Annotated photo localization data
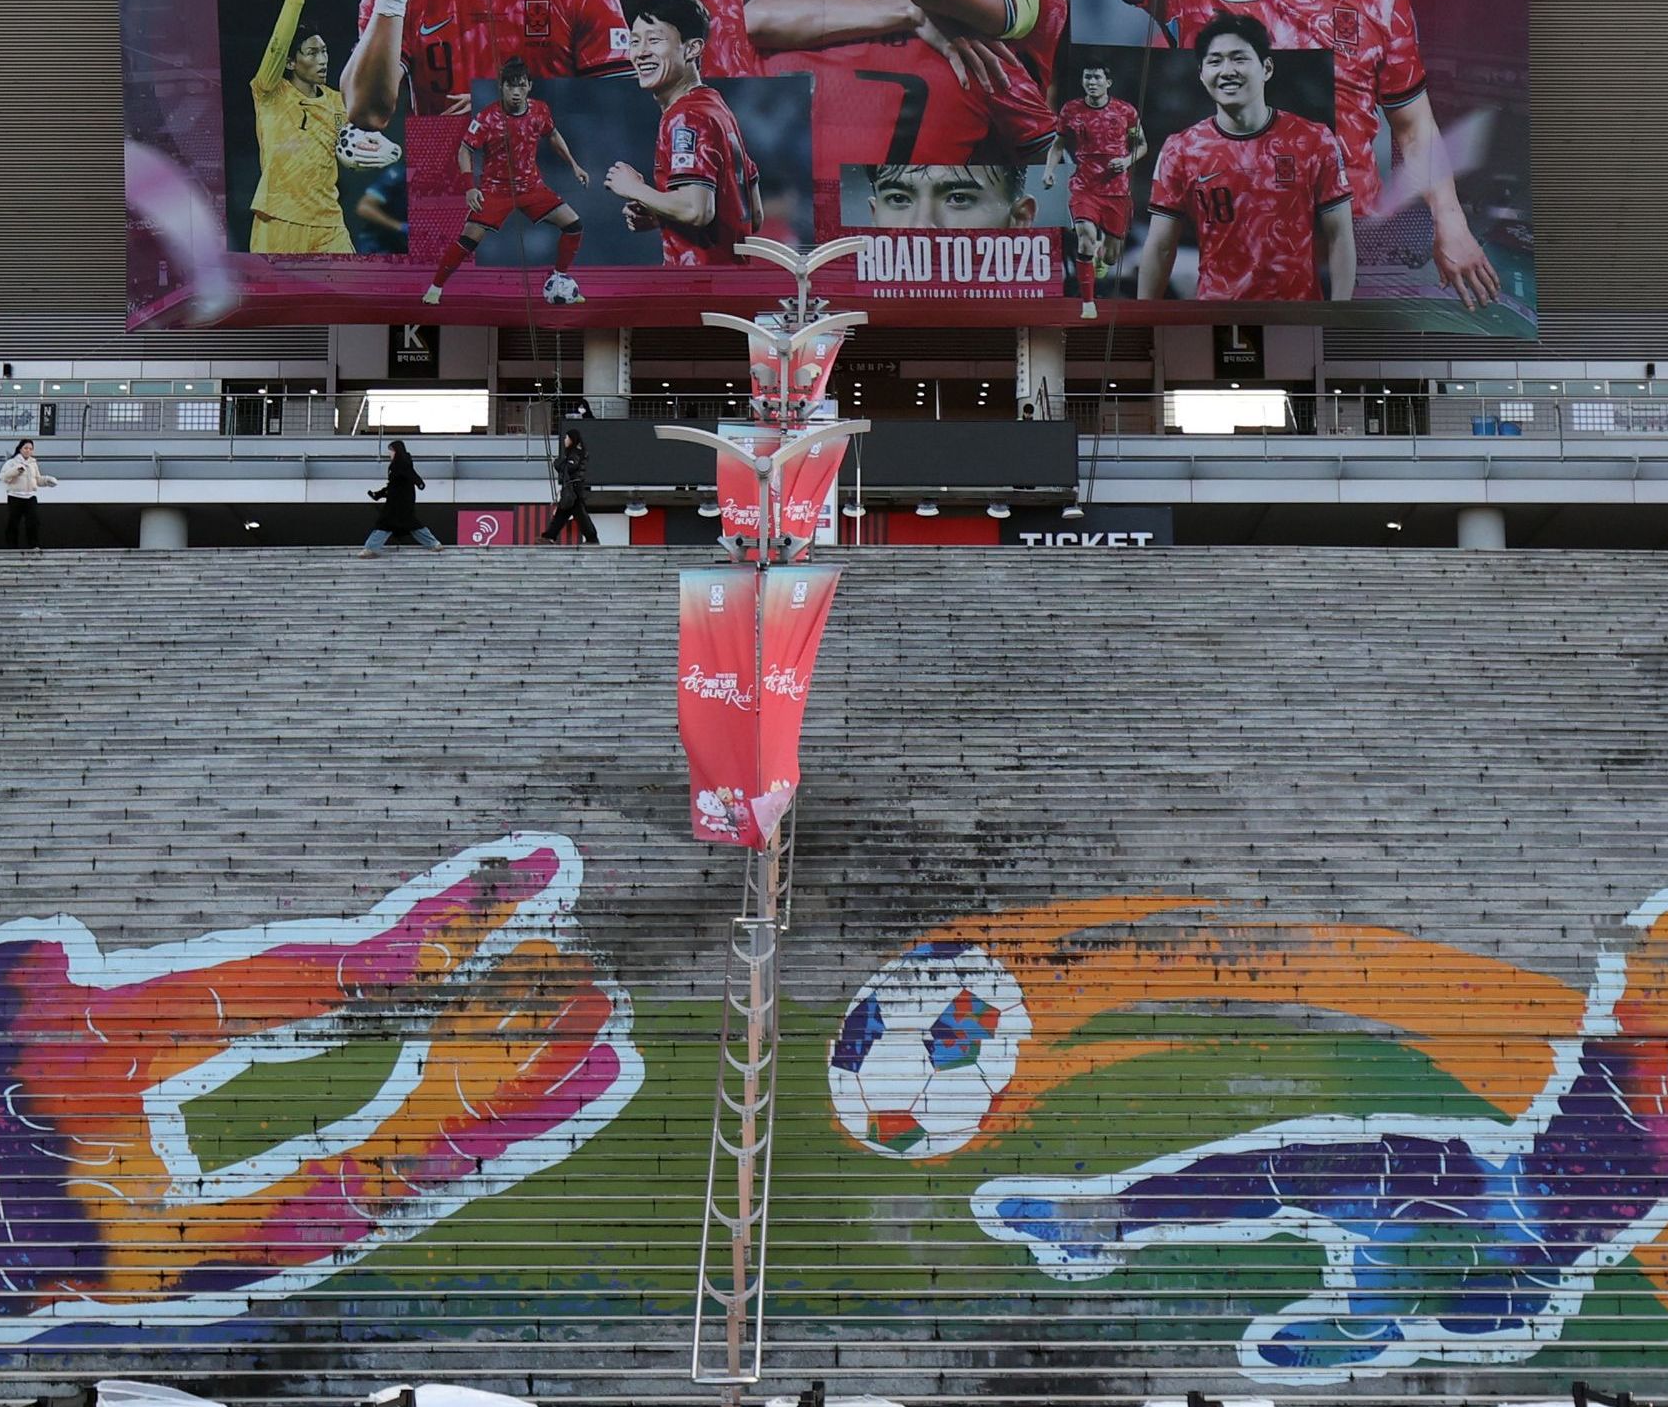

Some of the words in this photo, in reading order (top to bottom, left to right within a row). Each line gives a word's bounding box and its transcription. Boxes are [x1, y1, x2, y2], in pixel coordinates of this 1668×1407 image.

[426, 41, 454, 94] 9
[299, 109, 308, 131] 1
[854, 69, 929, 165] 7
[1195, 187, 1235, 225] 18
[857, 235, 932, 282] ROAD
[935, 235, 973, 282] TO
[976, 235, 1051, 282] 2026
[873, 288, 905, 299] KOREA
[909, 288, 958, 299] NATIONAL
[963, 288, 1013, 299] FOOTBALL
[1018, 288, 1044, 299] TEAM
[404, 324, 424, 348] K
[1232, 325, 1247, 349] L
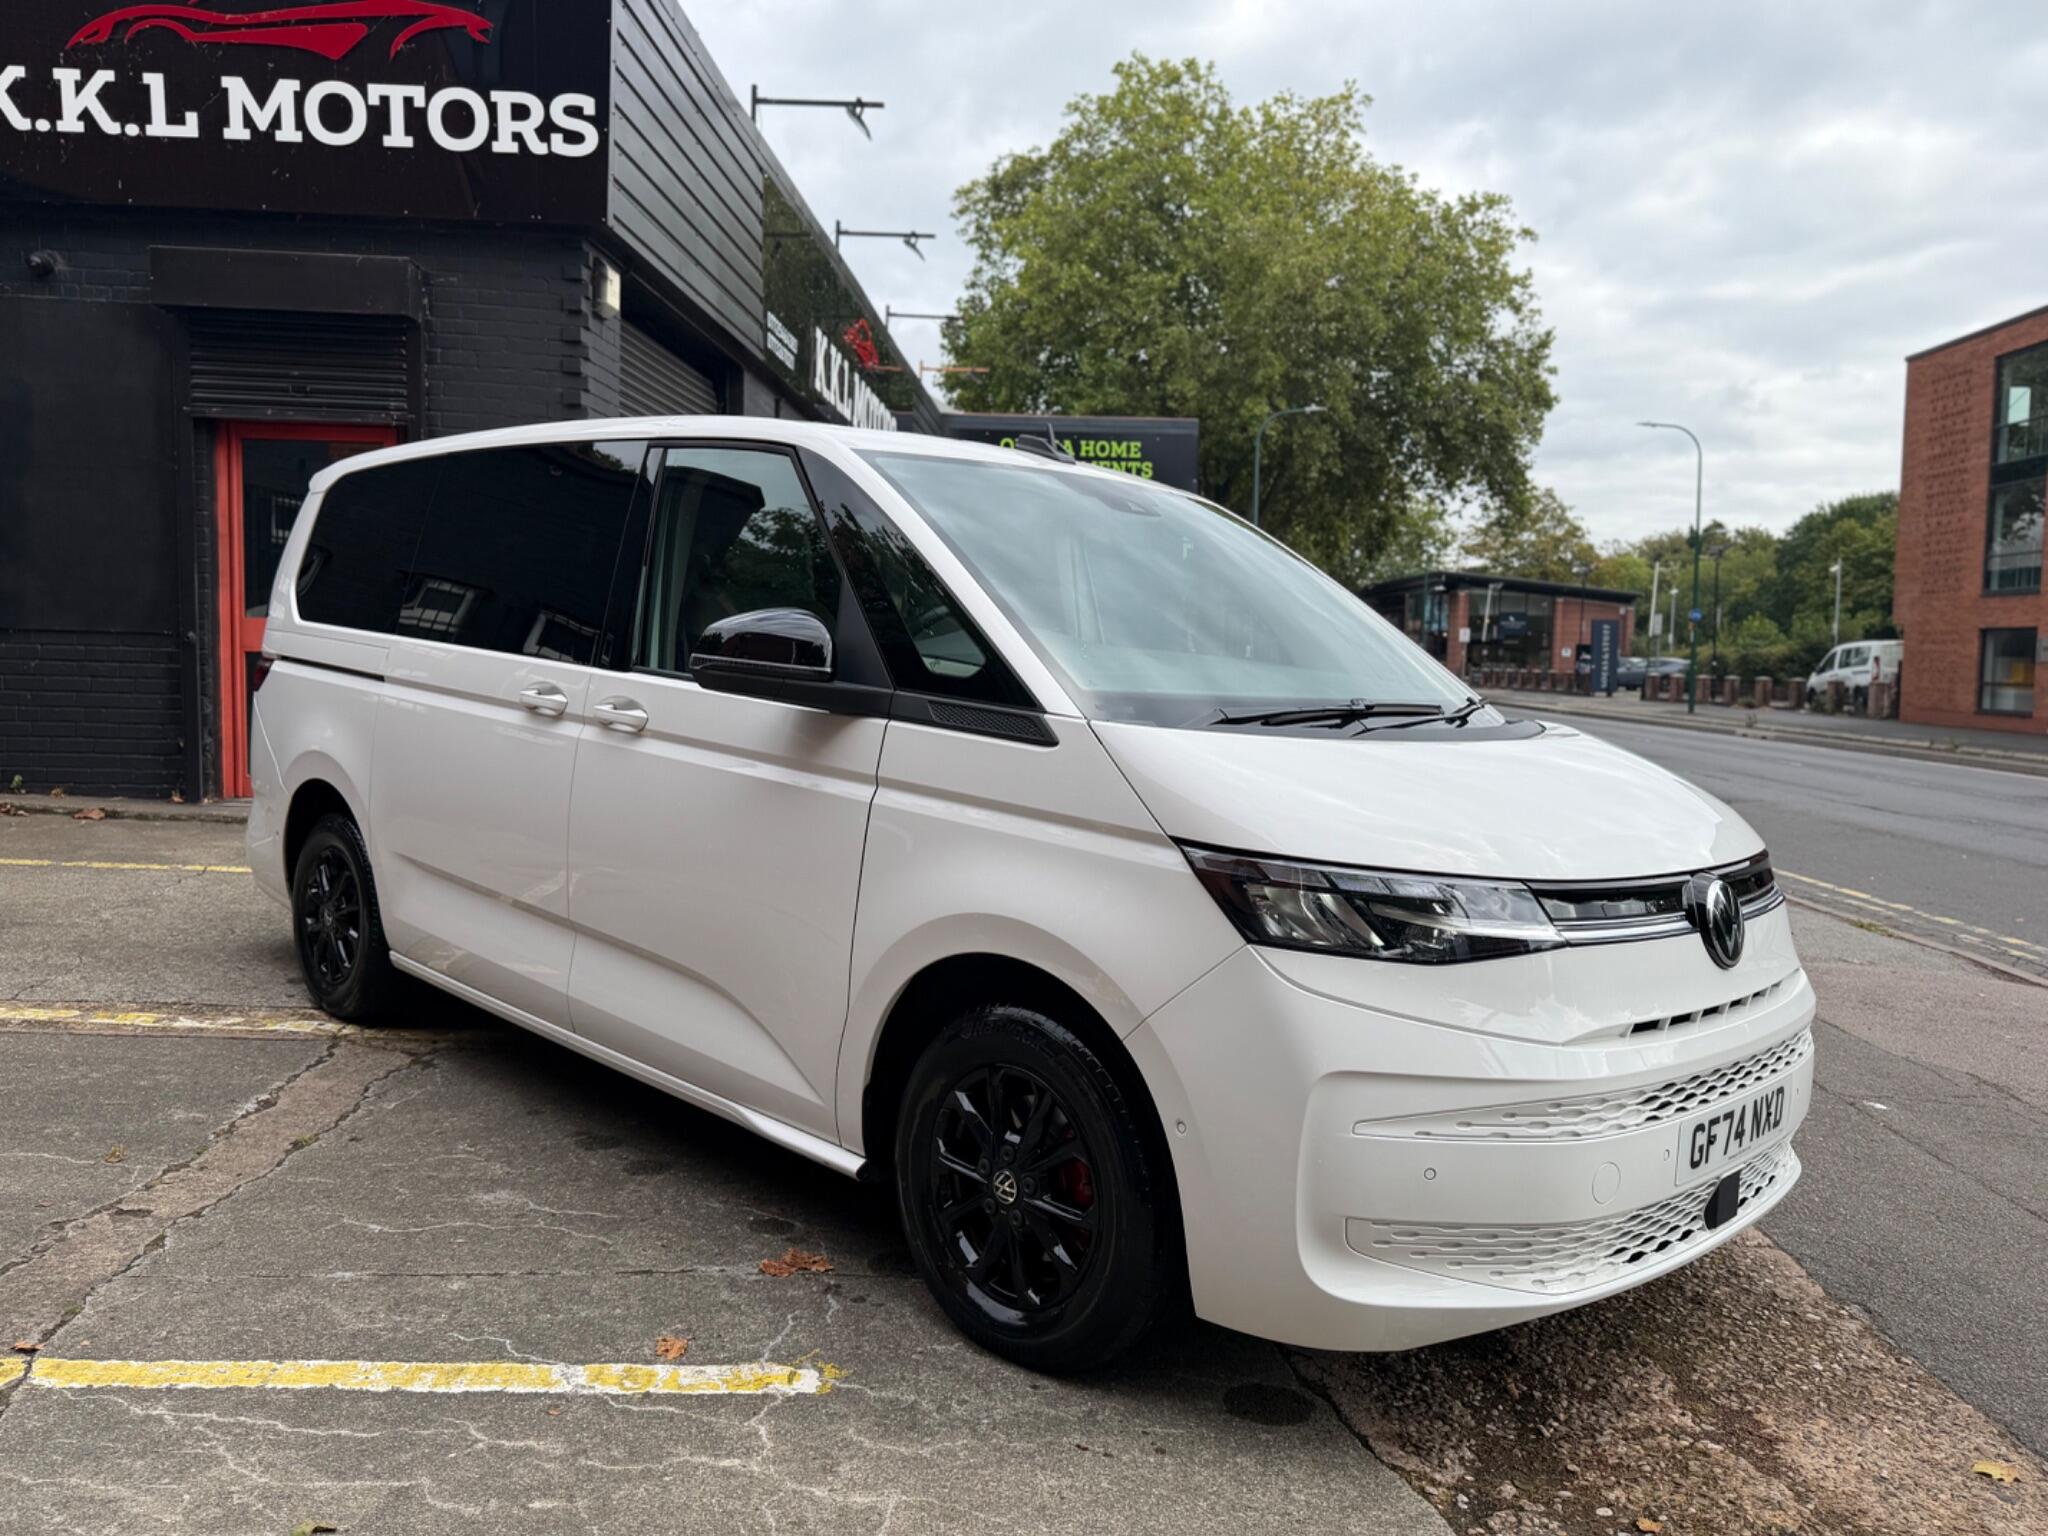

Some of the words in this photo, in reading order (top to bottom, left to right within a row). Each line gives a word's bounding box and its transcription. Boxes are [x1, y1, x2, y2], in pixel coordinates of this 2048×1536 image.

[220, 75, 600, 157] MOTORS
[1079, 440, 1142, 459] HOME
[1690, 1104, 1746, 1170] GF74
[1750, 1086, 1785, 1142] NXD
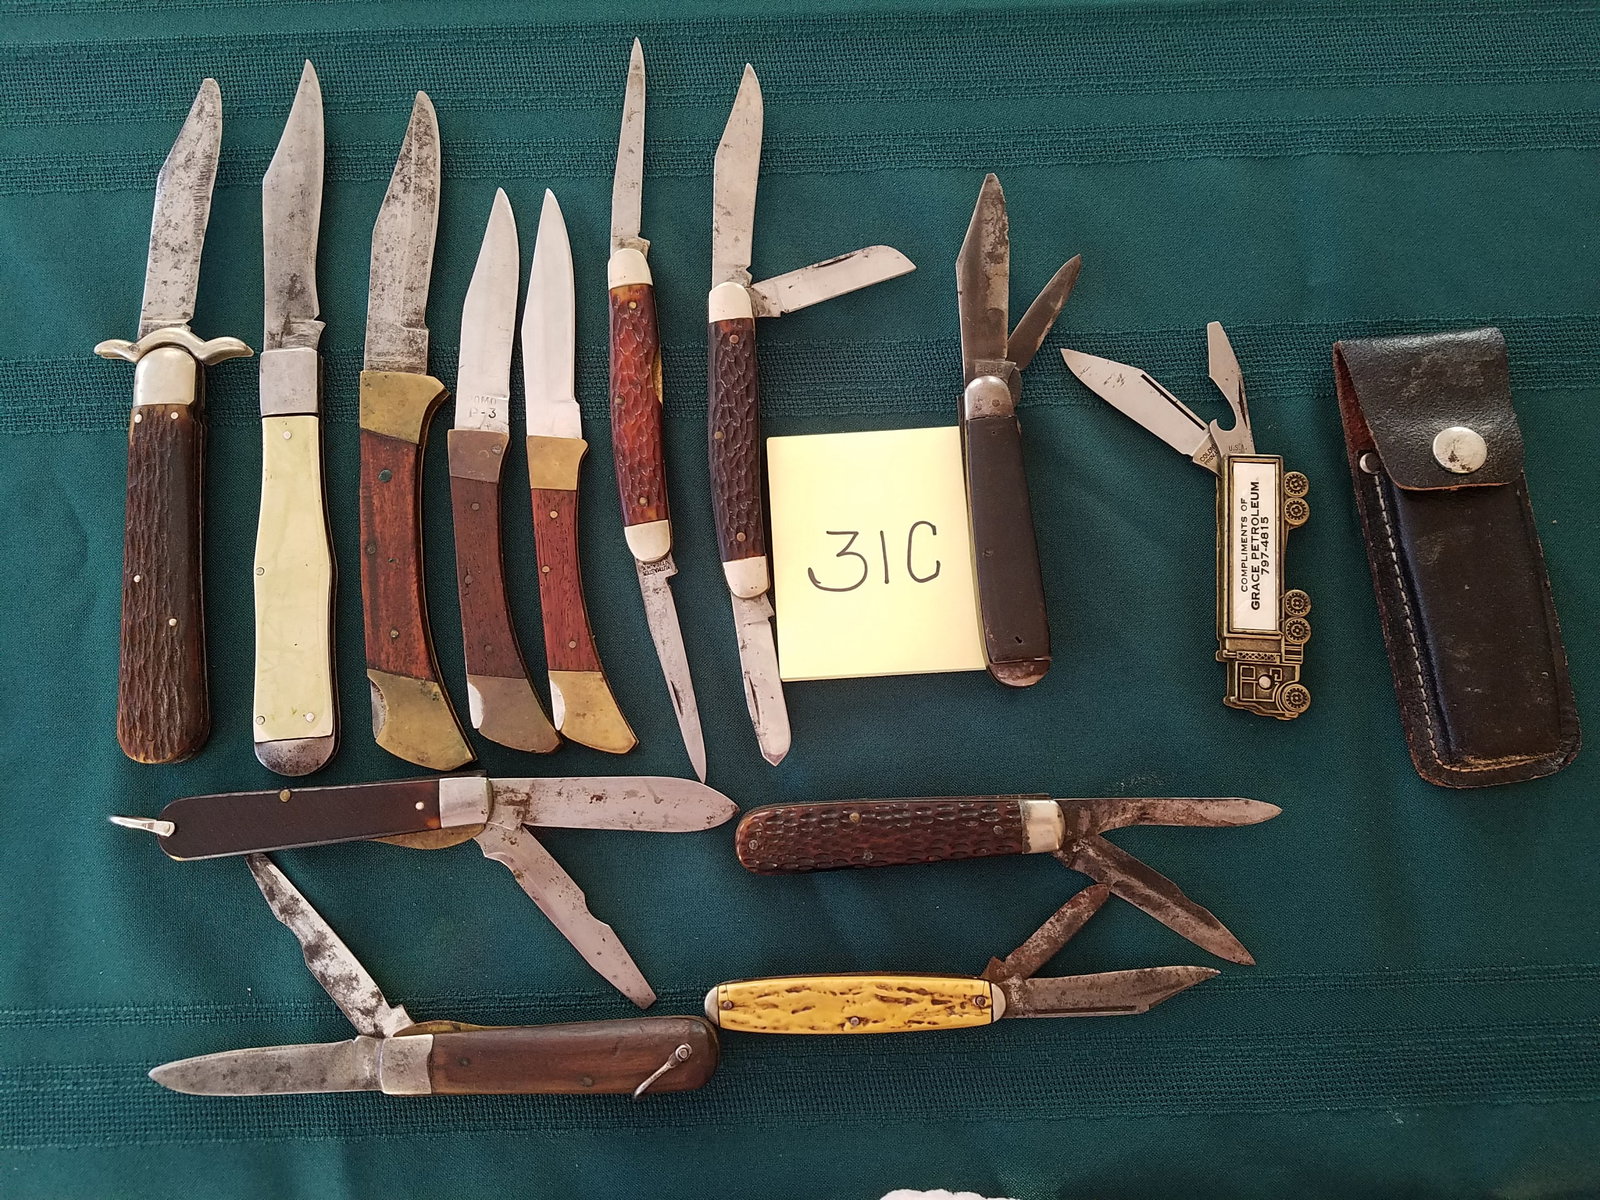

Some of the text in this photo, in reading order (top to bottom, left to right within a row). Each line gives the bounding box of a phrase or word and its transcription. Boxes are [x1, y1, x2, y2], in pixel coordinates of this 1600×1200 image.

[1241, 498, 1248, 511] OF
[807, 520, 941, 593] 31C
[1251, 481, 1260, 610] GRACE PETROLEUM
[1261, 517, 1269, 575] 797-4815

TASK OBJECTIVE
Except for the pictures, print the data above exactly.

OUTPUT FOR THIS TASK
Some of the words in this photo, in reading order (top to bottom, left to right within a row). Each line gives a word's bounding box and its transcription. Boxes are [x1, y1, x2, y2], in pixel coordinates of this 1668×1407 image.

[426, 41, 454, 94] 9
[299, 109, 308, 131] 1
[854, 69, 929, 165] 7
[1195, 187, 1235, 225] 18
[857, 235, 932, 282] ROAD
[935, 235, 973, 282] TO
[976, 235, 1051, 282] 2026
[873, 288, 905, 299] KOREA
[909, 288, 958, 299] NATIONAL
[963, 288, 1013, 299] FOOTBALL
[1018, 288, 1044, 299] TEAM
[404, 324, 424, 348] K
[1232, 325, 1247, 349] L

Some of the words in this photo, in reading order (top to bottom, left to right within a row). Each line gives a word's bounding box and its transcription. Boxes are [x1, y1, x2, y2], in pixel coordinates of this 2048×1536 image.

[220, 75, 600, 157] MOTORS
[1079, 440, 1142, 459] HOME
[1690, 1104, 1746, 1170] GF74
[1750, 1086, 1785, 1142] NXD

Some of the text in this photo, in reading order (top to bottom, left to right within a row). Each line gives the bounding box of a phrase or word and its transcription. Boxes are [x1, y1, x2, y2], in pixel coordinates of this 1600×1200 image.

[1241, 498, 1248, 511] OF
[807, 520, 941, 593] 31C
[1251, 481, 1260, 610] GRACE PETROLEUM
[1261, 517, 1269, 575] 797-4815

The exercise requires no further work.